И Замшалов опять зашагал по комнате, забирая что-то в скобки.
— Вы, Замшалов, просто возьмите отпуск и приезжайте сюда отдохнуть. В деревне летом хорошо. А одновременно…
— Да, это нужно сообразить.
— И вспомните — мы только начнем с этой деревни, а потом, когда станем влиятельнее, — кто знает, Замшалов, какие посты нас ожидают?
— Гм… это нужно сообразить.
— И ничего противозаконного мы не будем делать. Напротив того. Мы будем только в точности исполнять декреты советской власти. Мы только слишком точно будем их исполнять — до ерунды.
— Но ведь это секретнейше!
И опять затянутая фигура Замшалова ломалась с треском на поворотах, забирая что-то в скобки.
— Вы подумайте, Замшалов, — важный государственный пост. Власть над толпой. А начать с мести этим крестьянам… Подумайте, Замшалов, ведь вы достойны большего, чем вы сейчас занимаетесь. Подумайте, ведь и у вас крестьяне разграбили усадьбу, и отобрали землю, и вырубили сады. А советская власть — ведь она нас тоже ограбила. Ваши сейфы — подумайте!
— Это все требует обсуждения.
— Возьмите отпуск. Отдохнете пока что, подкормитесь. Хотя все, что мы отберем с крестьян — а мы последнее будем отбирать и бить будем беспощадно, по декрету, — все это мы будем отправлять в Москву. Возьмете отпуск?

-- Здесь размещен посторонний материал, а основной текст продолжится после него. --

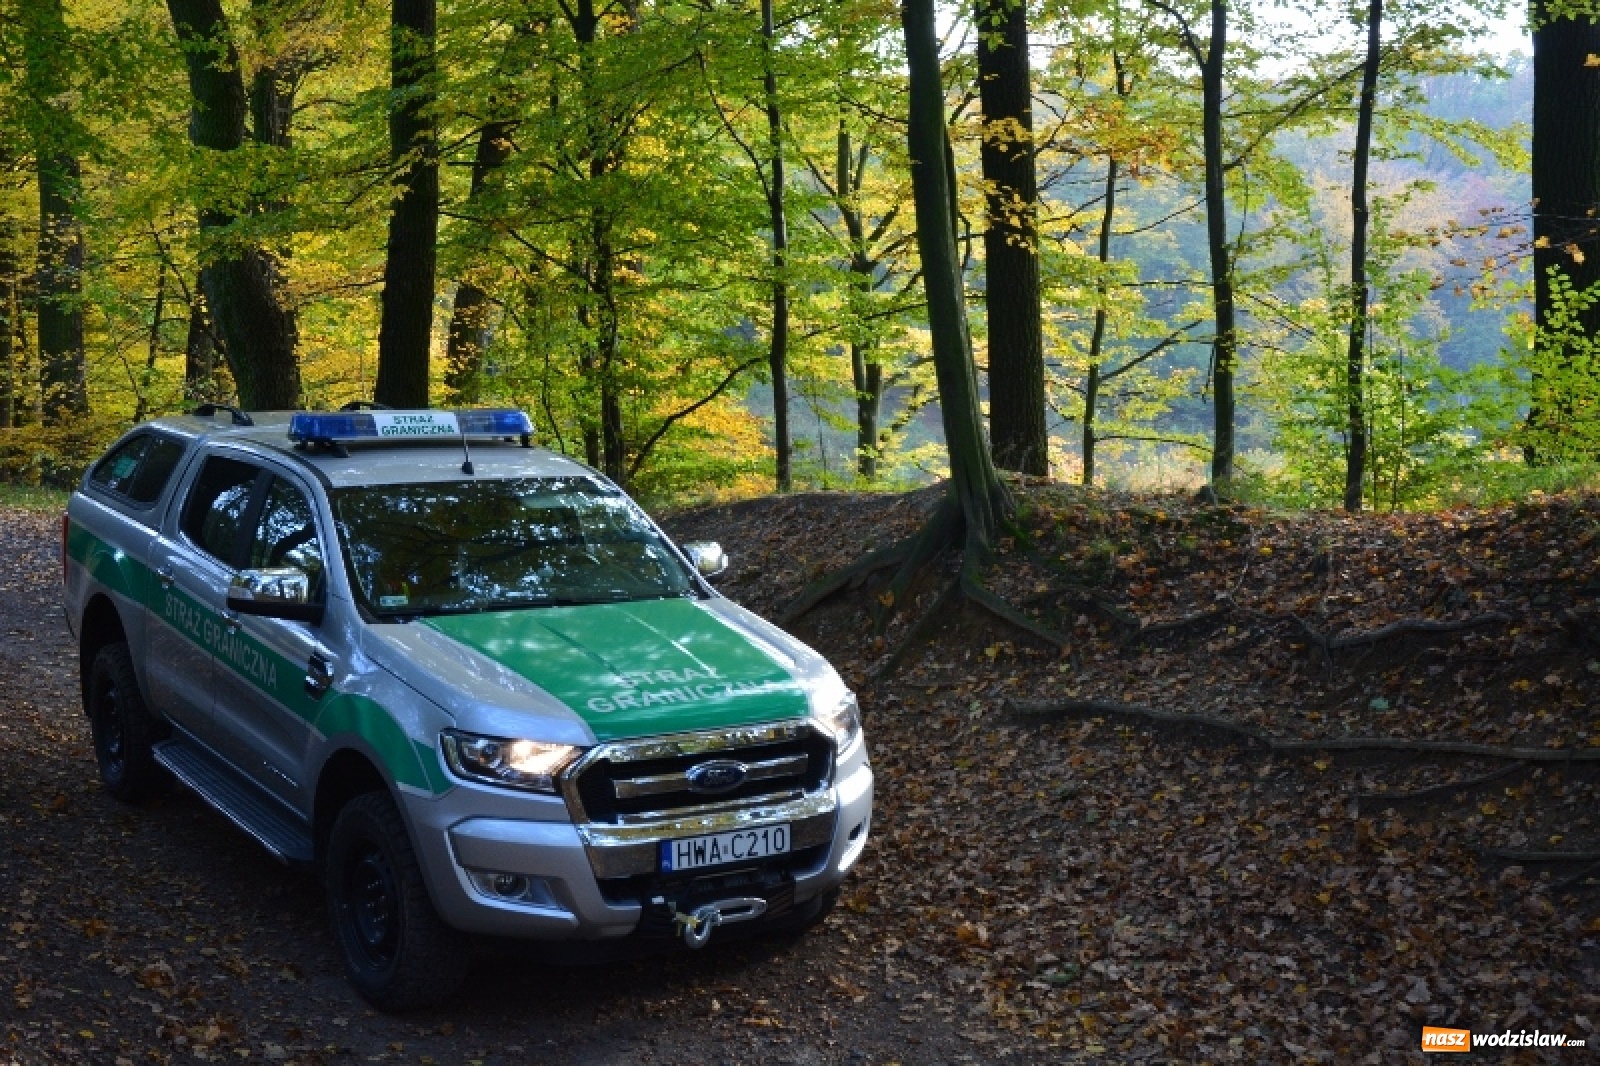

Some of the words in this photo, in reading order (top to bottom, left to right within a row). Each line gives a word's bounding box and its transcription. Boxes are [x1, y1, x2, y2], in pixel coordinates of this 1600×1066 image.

— Да. Это нужно сообразить. Я правда год без отпусков и прогулов. Хорошо… Подумаю…
Руманов казался гораздо толще, чем раньше, массивнее, и лицо пепельнее. Совсем другое надел Руманов лицо.
— Я приму все меры, чтобы арестовать опасных людей. Вы мне сообщайте об них в форме…
Замшалов вытянулся на цыпочках, высокий, ломкий, — и руки, согнутые в локтях, предостерегающе бросил вперед. Острые пальцы растопырены, между средним и безымянным левой руки зажата папироса.
— Законная форма — и между строчек! Между строчек!
Сам себя Руманов спросил:
— Ведь крестьяне, если пошлют делегацию в Москву и будут жаловаться на нас, коммунистов, — значит, они враги советской власти?
VIII
Три приятеля молчали, лежа в купе на диванах. Чечулину хотелось говорить, но товарищи молчали, и он молчал. Глядел в окно — слева направо деревья, кусты, домики, столбы, опять столбы, домики, кусты, деревья. Баба с мешком, телега с мужиком. Ребятишки взмахнули платками — и уже проглочены.
Легонькие подкатывали под окна полустанки, сопровождали поезд и отставали. Тяжелые, людьми нагруженные, зацеплялись за вагоны станции, и с трудом отдирался от них поезд. Ночь.
Чечулин растянулся на верхней полке, расстегнув брюки и сняв сапоги. Взглянул на мокрые, густо пахнущие потом, сверху белые, а внизу черные носки и вспомнил Мушку.
Замшалов аккуратно бросил окурок в пепельницу.
— Только помните, Чечулин. Язык за зубами. Ничего не было. А если и было, то вы сами виноваты.
— Что?
— Ничего.
Камер-юнкер Руманов ворочался с боку на бок. И на правом неудобно, и на левом. Жаль, что нет третьего бока. На спине — страшные сны. На животе — душно. Примостился, лег, подогнув руку. Рука затекла — выпростал. Повернулся на бок. Неудобно. На другой — неудобно. Тьфу!